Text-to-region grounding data
= Beginning of Section =

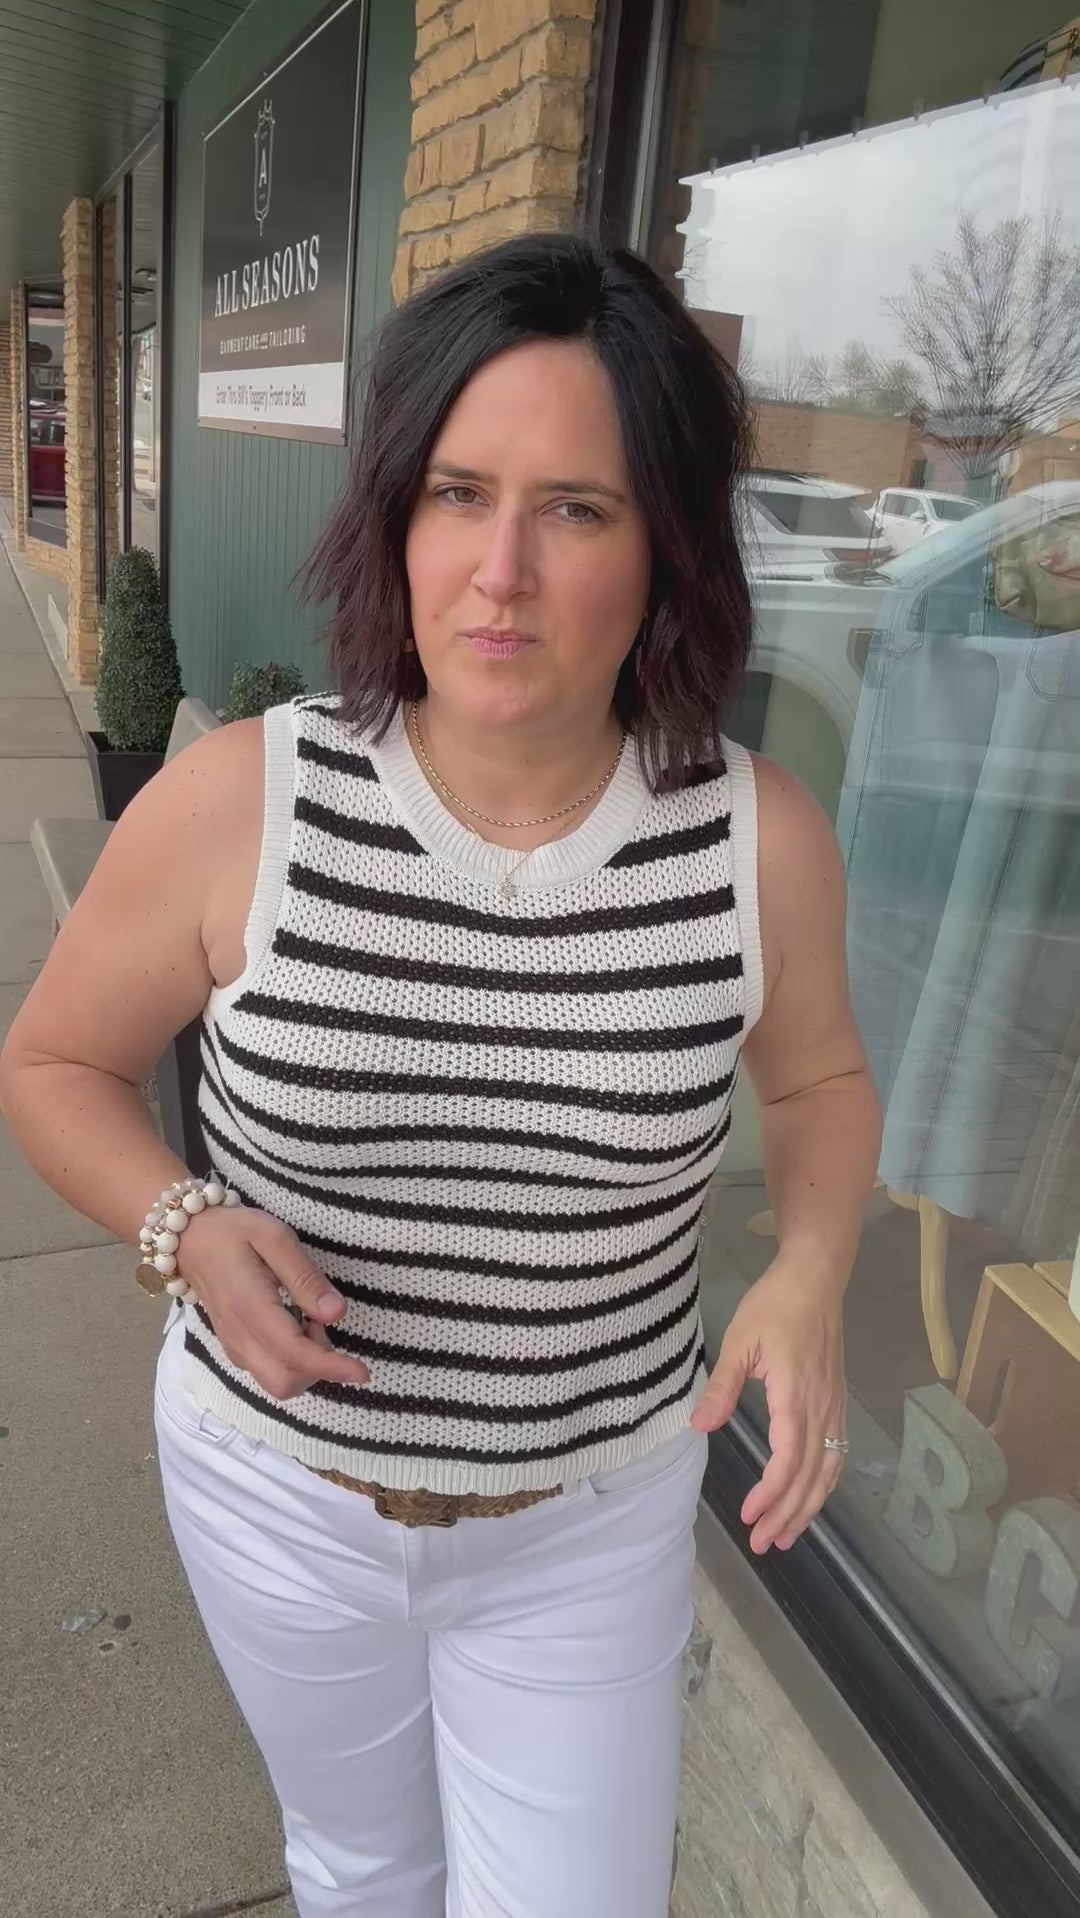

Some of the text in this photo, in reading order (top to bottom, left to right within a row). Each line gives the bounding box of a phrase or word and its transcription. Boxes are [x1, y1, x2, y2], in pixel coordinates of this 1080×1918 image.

[259, 147, 267, 187] A
[214, 234, 319, 317] ALL SEASONS
[220, 337, 243, 355] GARMENT
[244, 334, 260, 351] CARE
[269, 324, 306, 348] TAILORING
[292, 382, 306, 408] Back
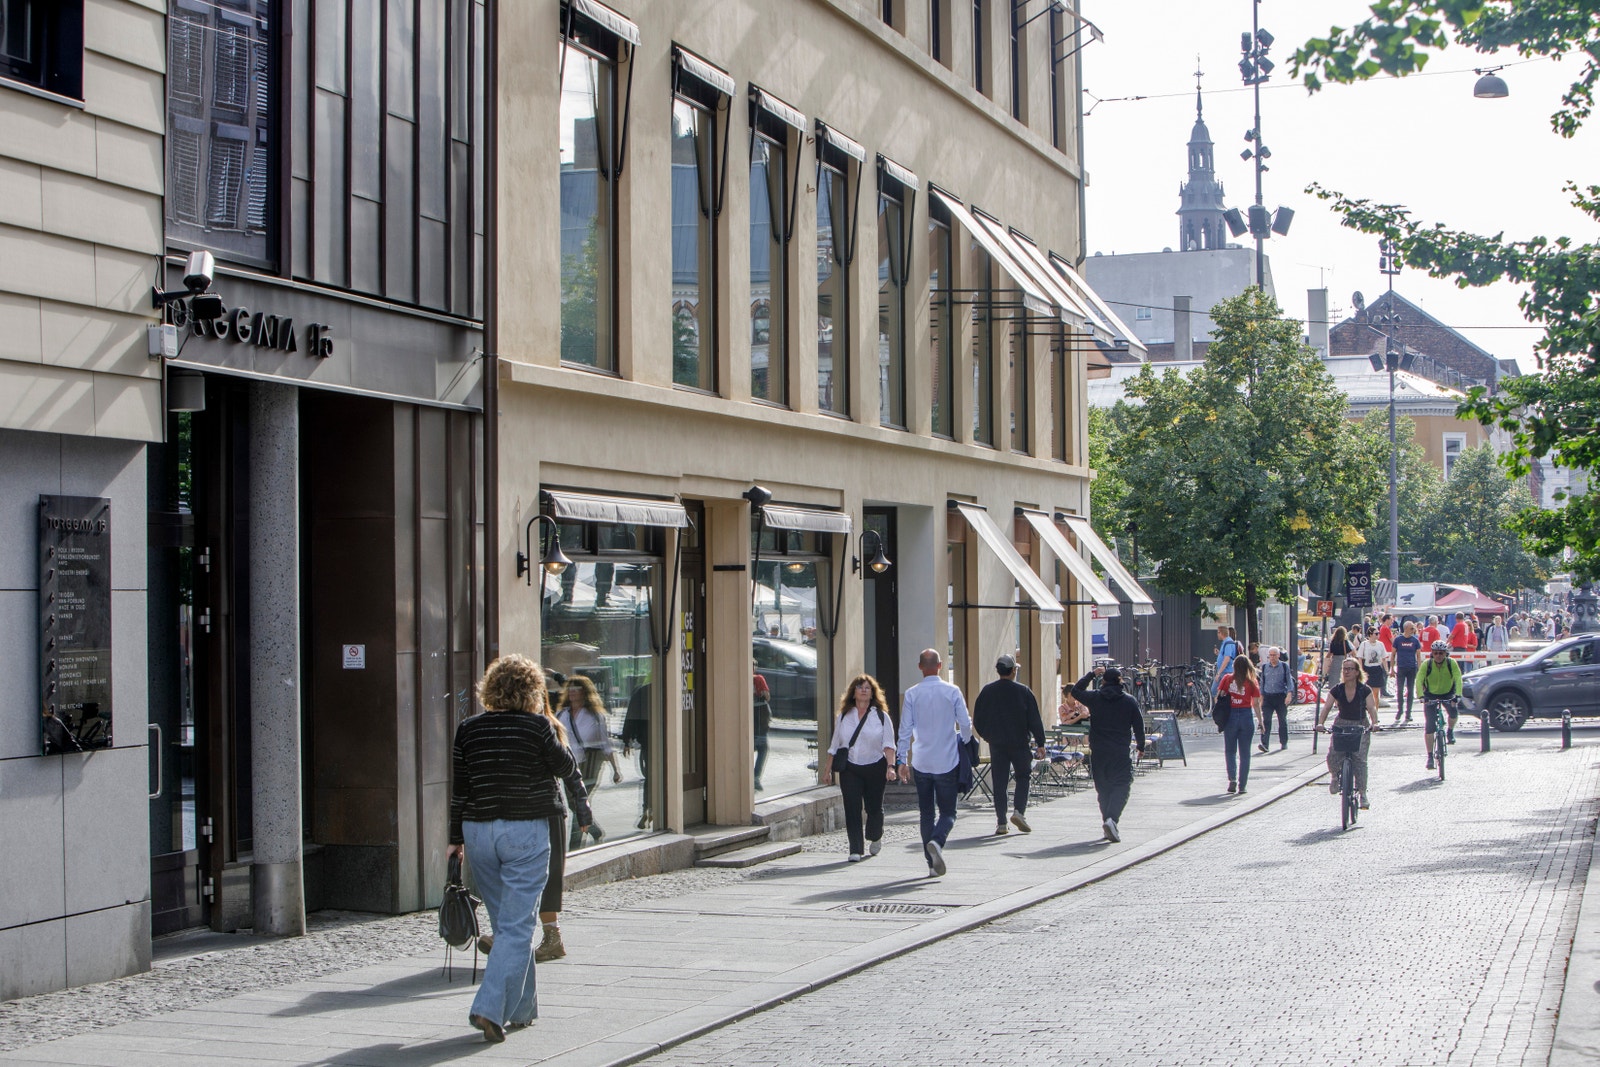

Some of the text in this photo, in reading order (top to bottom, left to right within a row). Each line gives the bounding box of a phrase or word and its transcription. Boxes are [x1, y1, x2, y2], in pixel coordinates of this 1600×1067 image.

[307, 322, 333, 358] 15
[47, 518, 107, 533] TORGGATA 15
[49, 568, 55, 580] 7
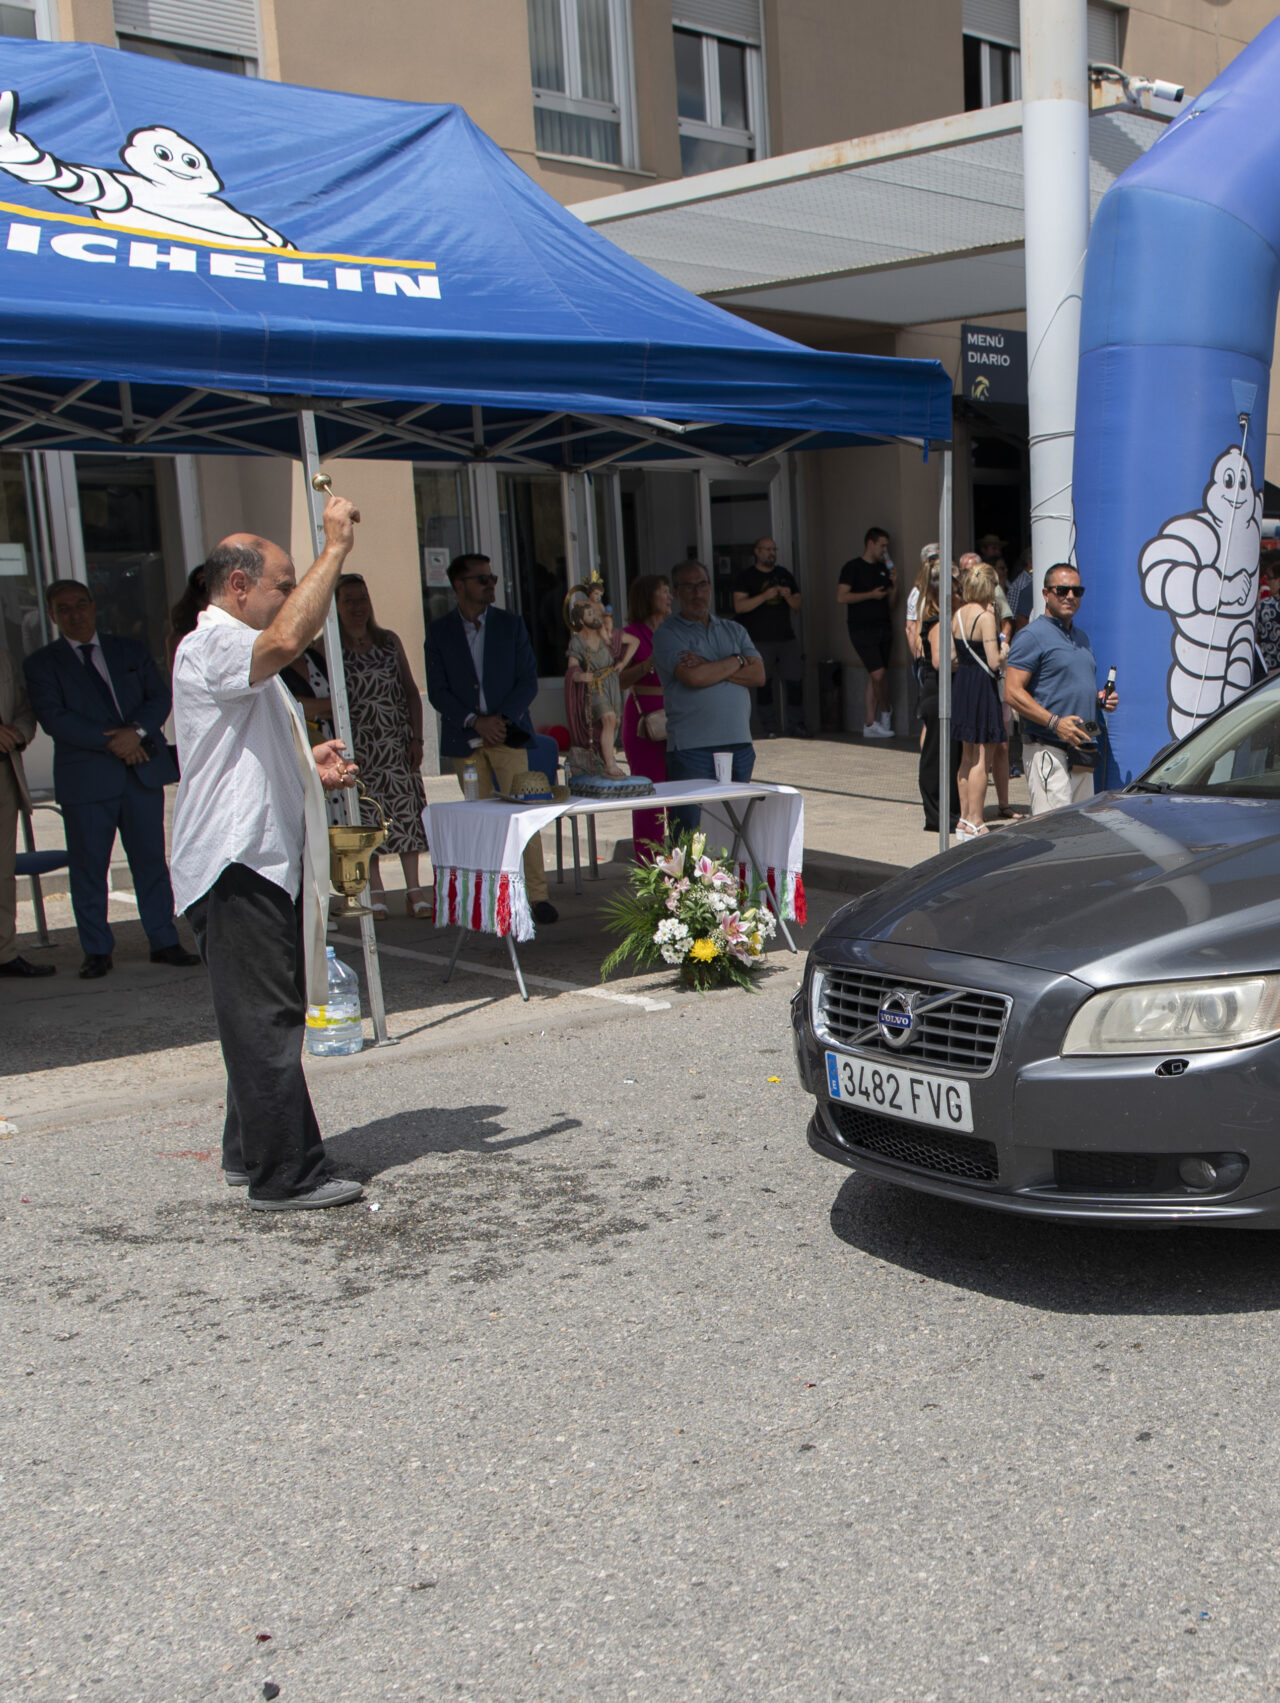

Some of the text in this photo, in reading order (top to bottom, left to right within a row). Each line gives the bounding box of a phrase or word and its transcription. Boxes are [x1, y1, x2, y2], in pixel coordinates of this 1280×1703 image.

[6, 222, 442, 299] ICHELIN
[967, 332, 1005, 348] MENÚ
[967, 351, 1011, 367] DIARIO
[880, 1012, 909, 1025] VOLVO
[843, 1062, 903, 1111] 3482
[910, 1077, 963, 1123] FVG
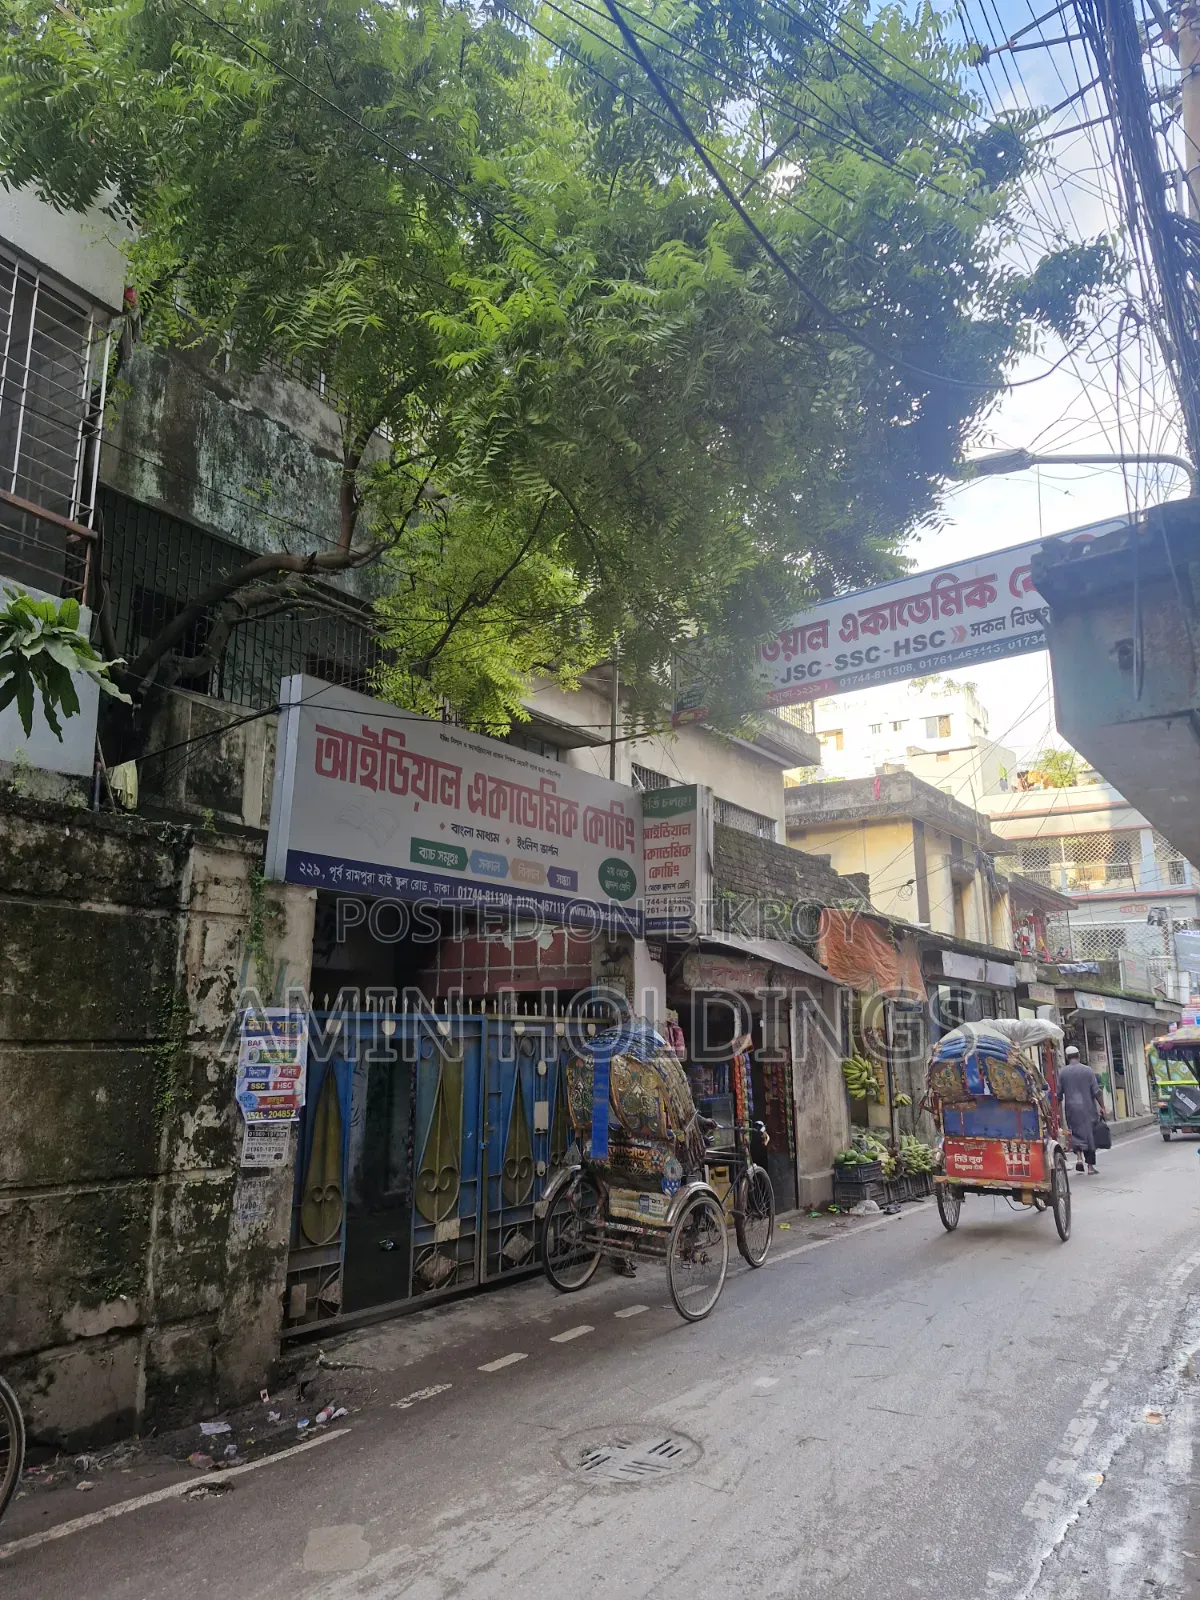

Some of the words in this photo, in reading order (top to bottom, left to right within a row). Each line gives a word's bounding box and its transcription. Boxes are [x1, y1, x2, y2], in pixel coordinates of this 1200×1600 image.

[839, 572, 998, 642] একাডেমিক
[969, 616, 1006, 638] সকল
[315, 723, 463, 812] আইডিয়াল
[467, 772, 579, 838] একাডেমিক
[582, 800, 635, 854] কোচিং
[450, 822, 474, 838] বাংলা
[476, 828, 500, 844] মাধ্যম
[516, 836, 539, 852] ইংলিশ
[644, 842, 692, 860] কাডেমিক
[419, 846, 436, 862] ব্যাচ
[478, 857, 501, 873] সকাল
[649, 861, 680, 878] কোচিং
[329, 864, 345, 883] পূর্ব
[345, 869, 375, 885] রামপুরা
[378, 872, 392, 888] হাই
[250, 1082, 266, 1090] SSC

= End of Section =

- WORK ORDER
Your task is to restate every record word for word. Omit all pictures.

- SOLUTION FOR THIS PROBLEM
Some of the text in this photo, in reading order (top to bottom, left to right within a row). Each line gives the bounding box of a phrase or word and its transcription. Boxes are [x1, y1, x2, y2], in pixel coordinates of this 1080×1918 image.

[259, 147, 267, 187] A
[214, 234, 319, 317] ALL SEASONS
[220, 337, 243, 355] GARMENT
[244, 334, 260, 351] CARE
[269, 324, 306, 348] TAILORING
[292, 382, 306, 408] Back

Some of the text in this photo, in reading order (top to bottom, left to right within a row). Each line gives the bounding box of a phrase or word and its transcription. Boxes are [x1, y1, x2, y2], in pixel coordinates of this 1600×1067 image.

[307, 322, 333, 358] 15
[47, 518, 107, 533] TORGGATA 15
[49, 568, 55, 580] 7

Some of the text in this photo, in reading order (top to bottom, left to right within a row). Each line gives the bounding box of a phrase or word and its transcription. Boxes are [x1, y1, x2, y2], in pixel coordinates of this 1280×1703 image.

[6, 222, 442, 299] ICHELIN
[967, 332, 1005, 348] MENÚ
[967, 351, 1011, 367] DIARIO
[880, 1012, 909, 1025] VOLVO
[843, 1062, 903, 1111] 3482
[910, 1077, 963, 1123] FVG

Some of the words in this photo, in reading order (top to bottom, left to right within a row). Each line gives a word's bounding box and its transcription. Boxes are [x1, y1, x2, y2], in pixel coordinates of this 1200×1600 image.

[839, 572, 998, 642] একাডেমিক
[969, 616, 1006, 638] সকল
[315, 723, 463, 812] আইডিয়াল
[467, 772, 579, 838] একাডেমিক
[582, 800, 635, 854] কোচিং
[450, 822, 474, 838] বাংলা
[476, 828, 500, 844] মাধ্যম
[516, 836, 539, 852] ইংলিশ
[644, 842, 692, 860] কাডেমিক
[419, 846, 436, 862] ব্যাচ
[478, 857, 501, 873] সকাল
[649, 861, 680, 878] কোচিং
[329, 864, 345, 883] পূর্ব
[345, 869, 375, 885] রামপুরা
[378, 872, 392, 888] হাই
[250, 1082, 266, 1090] SSC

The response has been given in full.